Geçtiğimiz ay Maliye bakanı, Türkiye’de mükellef olmayan e-ticaret sitelerinden vergi almak için stopaj çözümünü açıkladı. Buna göre Türkiye’den alışveriş yapılan yabancı menşeili bir siteye para, banka aracılığı ile gönderilirken, o firmadan stopaj vergisi kesilecek. Ancak akla gelen sorulardan biri de, yabancı menşeili firma aslında pazaryeri ise stopaj kesmeden evvel satıcının Türk olup olmadığının bilinmesi sorunu. Diğer yandan çifte vergilendirmeyi önleyen karşılıklı uluslararası sözleşmelerin varlığını da atlamamak gerekecektir. Böyle bir durumda bunun geri dönüşü Türk satıcıların ve e-ticaret girişimcilerinin de o ülkelerde yaptığı satışlara o ülkelerce uygulanması gibi bir durum söz konusu olabilir.
6 Haziran’da Resmî Gazete’de Elektronik Ticarette Güven Damgası Hakkında tebliğ yayımlandı. Bu tebliğ ile e-ticaret sitelerinin güven damgası alma şartları ve yükümlülükler belirlendi. Almak zorunlu değilse de ücretli olacak, alınca her yıl yenilemek ve her mecra için ayrı ayrı almak gerekecek, sitede güven damgasını alınca da Güven damgası sağlayıcıya bir link verilecek. Fakat handikap alabilme şartlarında başlıyor, bakalım metropoldeki kargo firmaları ile boğuşan e-ticaret firması kargoları, stokları, müşteri şikayetlerini ‘etkin’ bir biçimde nasıl yönetecek ve takip edecek? Çünkü ‘etkin şekil’ herkese göre değişebilir. Diğer yandan oldu da bütçe, güven damgasını yenilemeye yetmedi, geçmiş olsun, artık güvensiz listesinde olacak site. Güven Damgasını, Güven Damgası Sağlayıcıları’ndan almak mümkün olacak. Tabii, firmalara ekstra maliyet kaçınılmaz olacak ve bu da tüketicilere yansıyacaktır.

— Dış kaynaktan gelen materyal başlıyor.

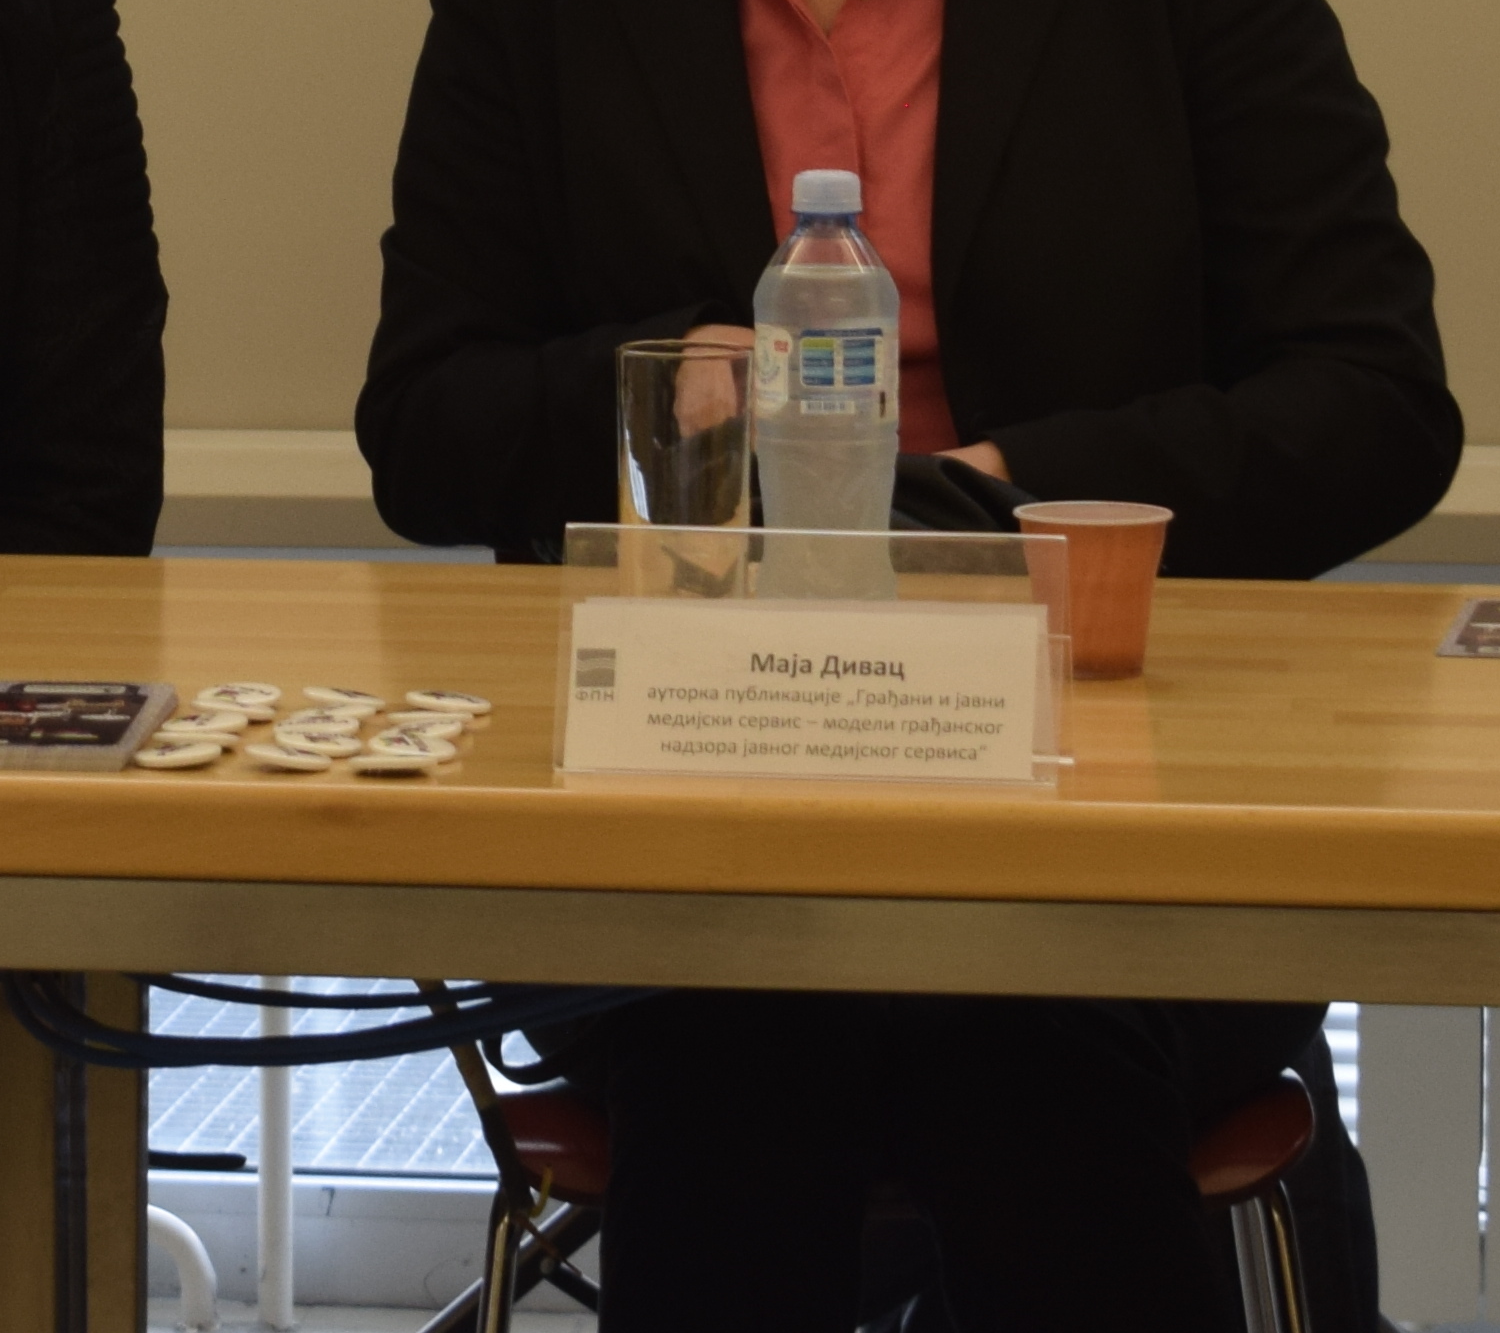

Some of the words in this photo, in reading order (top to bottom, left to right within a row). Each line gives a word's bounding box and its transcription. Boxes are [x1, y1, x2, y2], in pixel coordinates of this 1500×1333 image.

Avrupa Birliği’nde uçtan uca şifreleme ve arka kapı şüphesi
Avrupa Birliği’nde uçtan uca şifreleme (end-to-end encryption) yönteminin tüm iletişim araçlarında kullanılması isteniyor, gündemde bu var, ancak devletler için bu uçtan uca şifreli iletişimlerde ‘arka kapı’ yani bu içeriklere bir şekilde erişebilme yetkisi verilip verilmeyeceği tartışılıyor. WhatsApp ve Telegram gibi uygulamalardan tanıdığımız bu yöntemin tüm AB vatandaşları için istenmesi gizlilik anlamında önemli bir adım, ancak ‘arka kapı’ çıkışı devletler kontrolüne bırakılırsa, o zaman ifade özgürlüğü savunucularının bu duruma tepki göstereceği bir gerçek.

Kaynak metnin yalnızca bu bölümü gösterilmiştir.